A stream, creek, run, or river; I’m not sure that there is such a thing as a “reverse tributary.”
Except in the cases of a river delta or to go around an island, rivers rarely split into two streams. Because of that, there’s no real need for a special term for the phenomenon.
The closest that I can think of is anabranch, the term for a river channel that splits off the main trunk but that rejoins it at some later point. As dtilque points out, it’s almost unheard of (well I’ve never heard of it) for a stream to leave a river and never rejoin it. It could really only possibly occur if a mountain or similar cause the river to split very close to the coast so that the there were two river mouths produced.
Back in school, we learned in geometry that a small river branching off from a bigger one is a distributary. Cite.
Ya that’s right…my geometry teacher loved teaching us topography. :smack:
Distributaries, and they are almost always associated with deltas.
If there was a word, I knew the Teeming Millions would know it.
Distributary.
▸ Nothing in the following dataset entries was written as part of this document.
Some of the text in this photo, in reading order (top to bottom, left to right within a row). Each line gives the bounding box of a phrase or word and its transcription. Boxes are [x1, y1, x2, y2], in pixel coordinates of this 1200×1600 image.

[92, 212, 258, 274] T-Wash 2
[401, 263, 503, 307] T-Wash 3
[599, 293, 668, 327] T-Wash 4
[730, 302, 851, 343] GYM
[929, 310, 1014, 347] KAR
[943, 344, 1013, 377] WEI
Awesome.
There is at least one river that splits without rejoining: the Orinoco in South America. The main channel goes north to the Caribbean while part of it goes south and ultimately drains into the Atlantic via the Amazon. This may be a unique case in the entire world.
Nope, not unique: what you’ve just described is a distributary on the Orinoco Delta. Although it is pretty cool that one distributary drains into the Carribean and the rest drain into the Atlantic, it is just a delta distributary.
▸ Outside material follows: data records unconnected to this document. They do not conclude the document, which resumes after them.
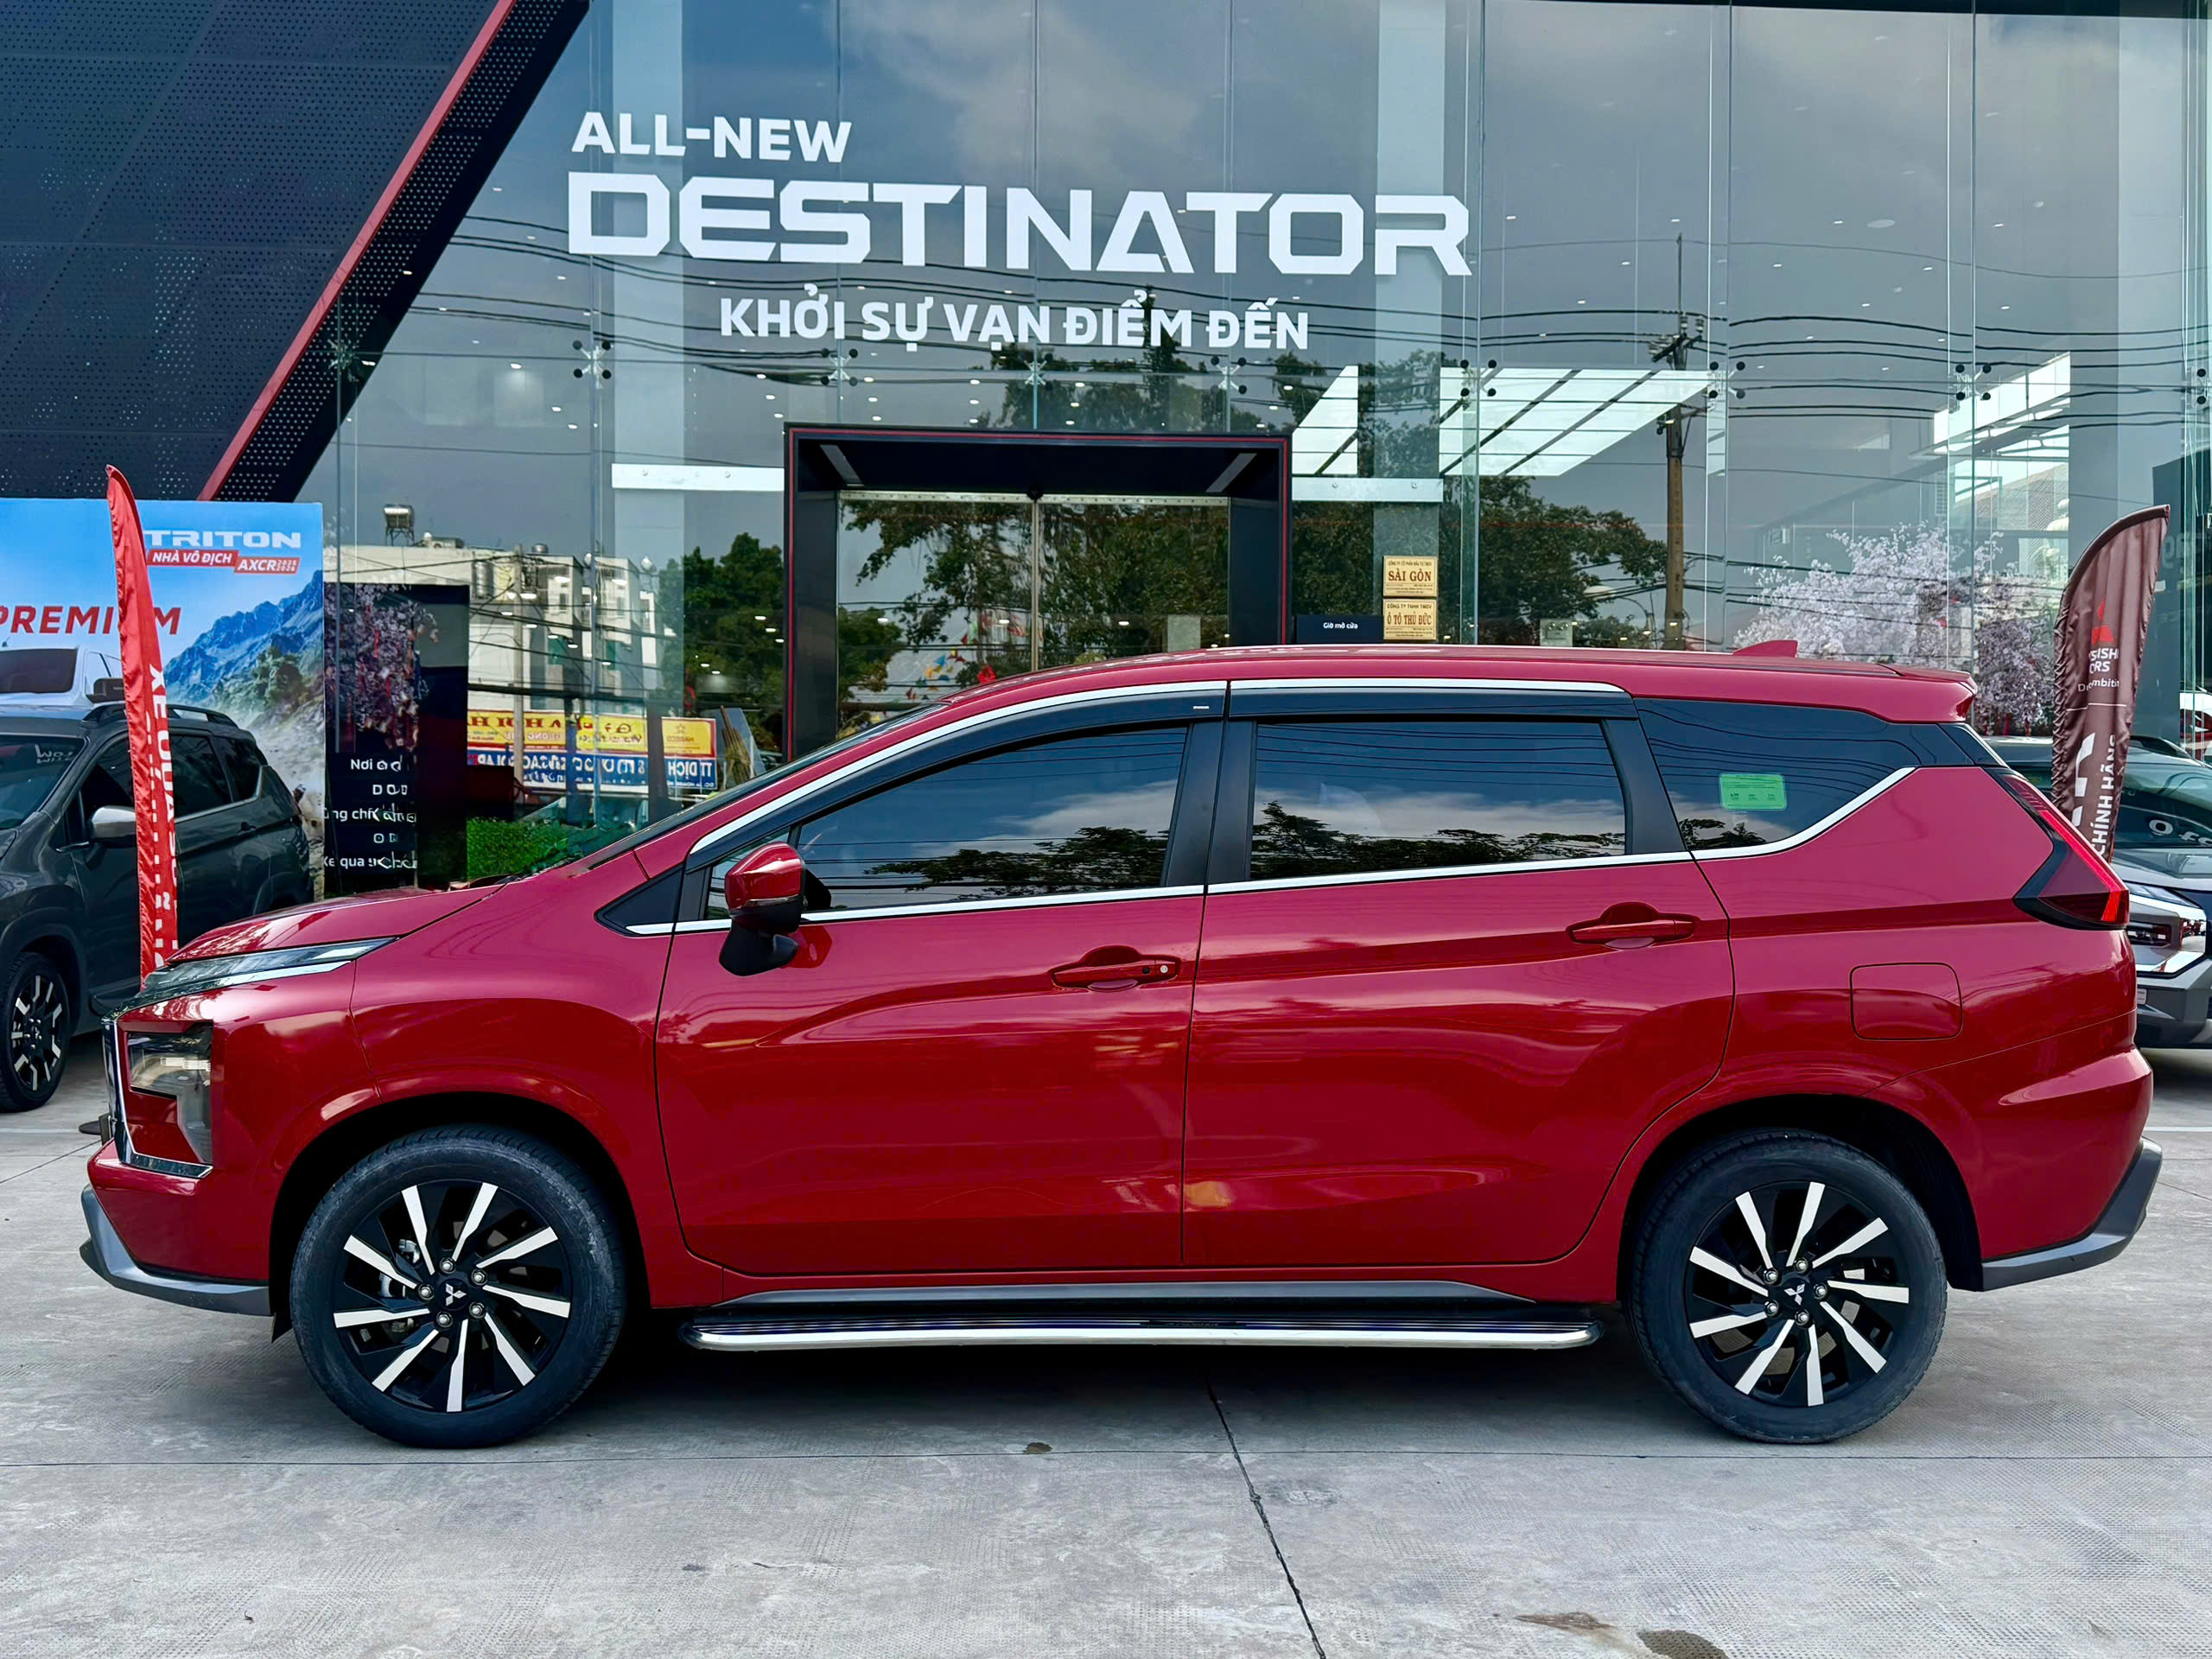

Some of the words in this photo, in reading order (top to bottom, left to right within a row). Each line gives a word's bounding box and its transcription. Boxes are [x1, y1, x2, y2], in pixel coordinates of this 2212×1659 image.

[571, 111, 852, 162] ALL-NEW
[568, 171, 1472, 276] DESTINATOR
[720, 283, 845, 340] KHỞI
[861, 296, 934, 351] SỰ
[944, 303, 1050, 352] VẠN
[1063, 289, 1192, 346] ĐIỂM
[1206, 297, 1309, 350] ĐẾN
[143, 530, 301, 548] TRITON
[152, 550, 180, 563] NHÀ
[182, 550, 200, 563] VÔ
[201, 553, 232, 566] ĐỊCH
[237, 559, 276, 571] AXCR
[1389, 569, 1406, 582] SÀI
[1409, 569, 1431, 582] GÒN
[0, 605, 181, 635] REMIM
[340, 857, 365, 870] qua
Here’s a map of Venezuela that shows the Orinoco Delta. And you can click on this map of the Orinoco Delta to see a better close-up view.
In the Canadian Rockies, on the border between BC and Alberta, there’s a creek that splits into two creeks. One flows west to the Pacific, while the other flows east to reach Hudson Bay. The location of the split is pretty far from both oceans.
Cite (scroll down to the paragraph on the Continental Divide.)
The delta doesn’t enter into it. The bifurcation is much more upstream, where the Casiquiare canal branches off to join the Rio Negro and eventually tha Amazon river. Here’s a much better map.
Thanks, Floater! Very odd. Maybe it is unique after all.
The Pearl River in southern Mississippi also splits into two distributaries: the east fork and the west fork.
The Rhine River splits into three or more pieces through Holland and Belgium. Of course you could say that the whole area is the Rhine delta, but that’s a pretty large area.
That is fascinating, but why is it called a “canal”? Wikipedia refers to it as a “natural canal”, which is oxymoronic. From the AHD, a canal is:
Bolding mine. The feature is natural, and from the description of it, pretty much non-navigable.
It could be that the name is straight from the Spanish. “Canal” can mean channel in addition to canal.
So then that would be the “Orinoco Flow”?
Any Enya fans?
Although it’s probably smaller than the Amazon delta. But then the Amazon has many times the flow of the Rhine, so I guess that’s to be expected.
From what I understand, about 30% or so of the Mississippi River flows out the Atchafalaya River. In fact, if it weren’t for heroic efforts by the Army Corp of Engineers, the Atchafalaya would now be the main channel.
Read John McPhee’s The Control Of Nature for an excellent history of that occurence.